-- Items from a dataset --
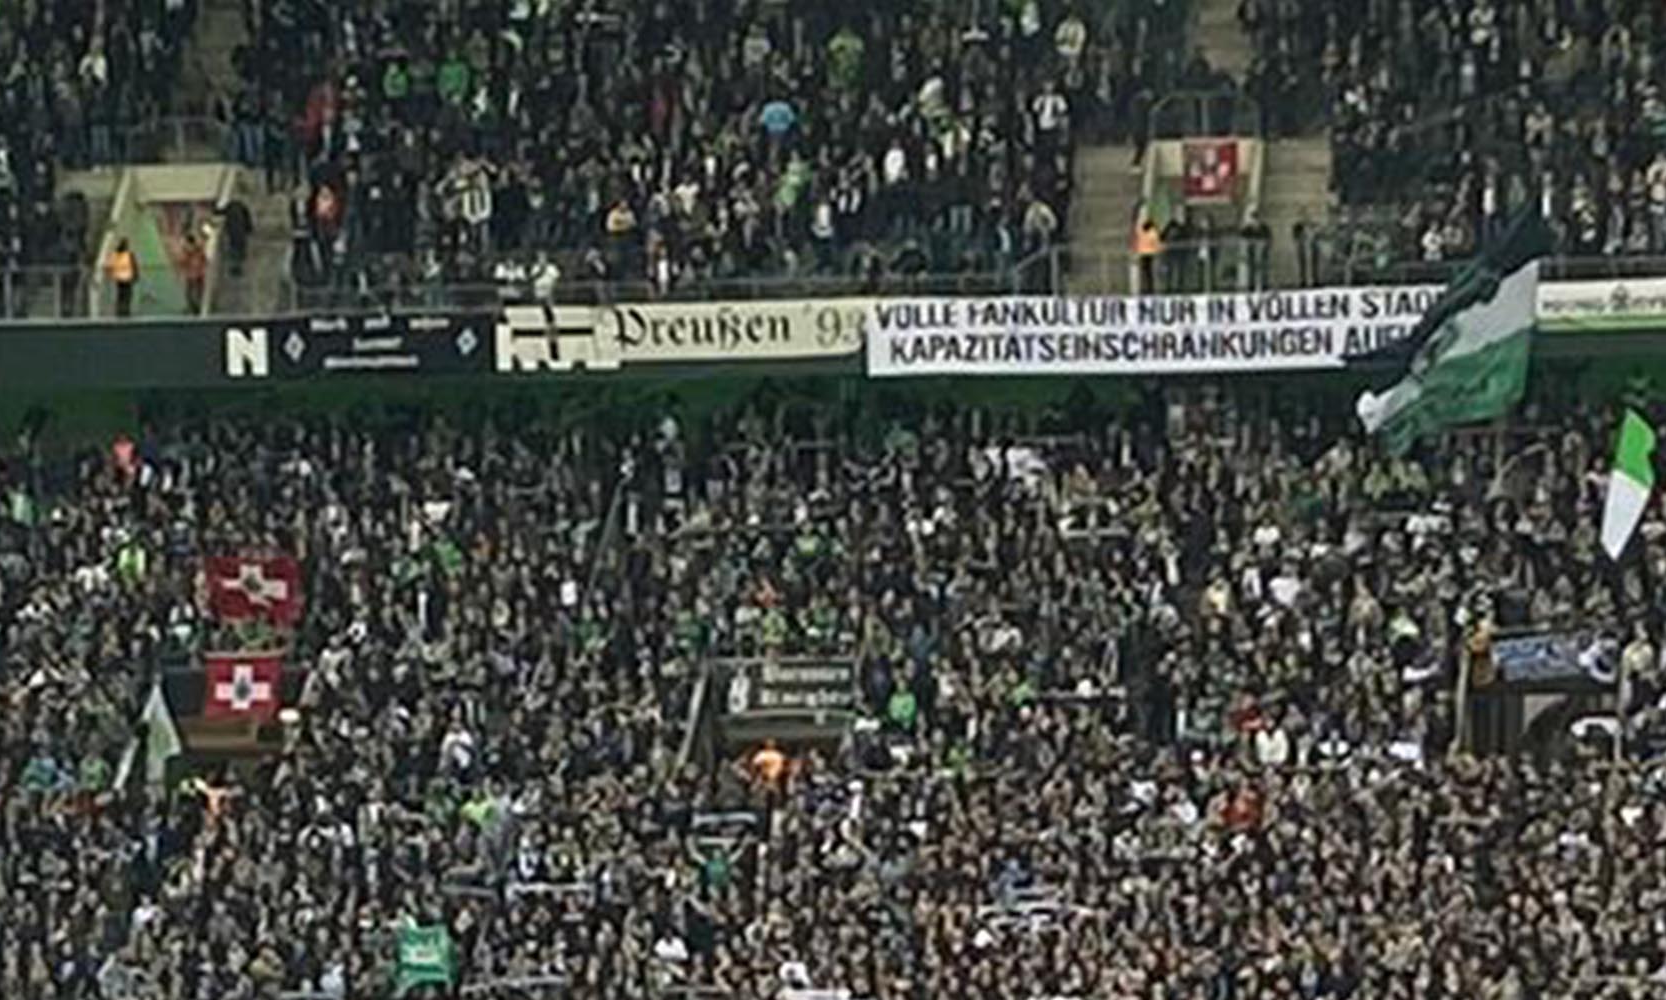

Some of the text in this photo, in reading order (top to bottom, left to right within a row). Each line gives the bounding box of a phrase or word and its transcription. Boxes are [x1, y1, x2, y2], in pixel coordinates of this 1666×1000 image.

[614, 306, 791, 350] Preußen
[874, 302, 957, 330] VOLLE
[967, 299, 1126, 327] FANKULTUR
[1137, 298, 1196, 325] NUR
[1207, 297, 1236, 323] IN
[1247, 292, 1350, 322] VOLLEN
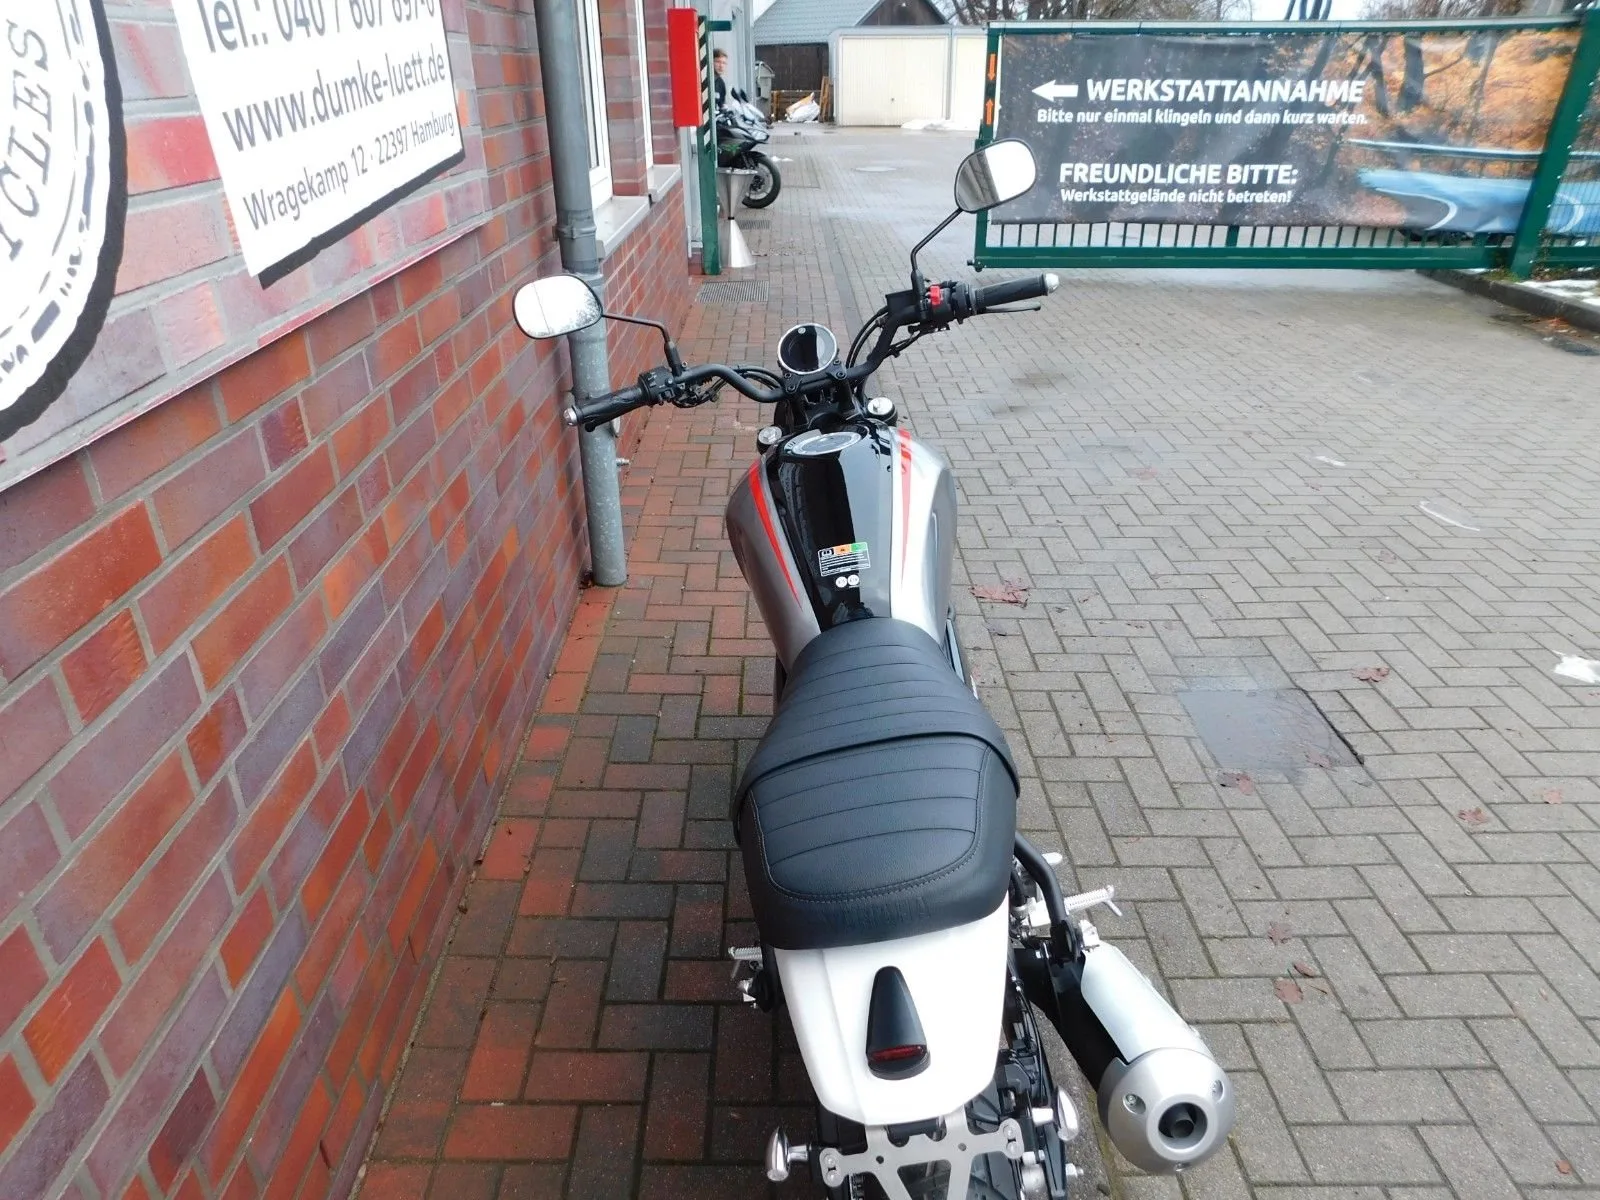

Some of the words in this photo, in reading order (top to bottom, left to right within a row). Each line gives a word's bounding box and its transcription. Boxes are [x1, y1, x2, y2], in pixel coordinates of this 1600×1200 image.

[221, 43, 446, 153] www.dumke-luett.de
[1086, 78, 1366, 103] WERKSTATTANNAHME
[1037, 108, 1074, 123] Bitte
[1076, 110, 1101, 123] nur
[1104, 108, 1152, 124] einmal
[1155, 108, 1211, 127] klingeln
[1214, 109, 1245, 124] und
[1244, 109, 1280, 124] dann
[1282, 109, 1314, 125] kurz
[1316, 110, 1368, 125] warten.
[242, 159, 350, 231] Wragekamp
[350, 144, 368, 177] 12
[374, 125, 410, 165] 22397
[410, 111, 455, 148] Hamburg
[1059, 162, 1221, 184] FREUNDLICHE
[1226, 163, 1299, 185] BITTE:
[1060, 188, 1186, 205] Werkstattgelände
[1189, 189, 1224, 204] nicht
[1227, 189, 1292, 204] betreten!

-- Required work --
What is needed is an exact copy of the lines from the one containing "Some of the words" through the final line of the data, both included, and nothing more.

-- Solution to this exercise --
Some of the words in this photo, in reading order (top to bottom, left to right within a row). Each line gives a word's bounding box and its transcription. Boxes are [x1, y1, x2, y2], in pixel coordinates of this 1600×1200 image.

[221, 43, 446, 153] www.dumke-luett.de
[1086, 78, 1366, 103] WERKSTATTANNAHME
[1037, 108, 1074, 123] Bitte
[1076, 110, 1101, 123] nur
[1104, 108, 1152, 124] einmal
[1155, 108, 1211, 127] klingeln
[1214, 109, 1245, 124] und
[1244, 109, 1280, 124] dann
[1282, 109, 1314, 125] kurz
[1316, 110, 1368, 125] warten.
[242, 159, 350, 231] Wragekamp
[350, 144, 368, 177] 12
[374, 125, 410, 165] 22397
[410, 111, 455, 148] Hamburg
[1059, 162, 1221, 184] FREUNDLICHE
[1226, 163, 1299, 185] BITTE:
[1060, 188, 1186, 205] Werkstattgelände
[1189, 189, 1224, 204] nicht
[1227, 189, 1292, 204] betreten!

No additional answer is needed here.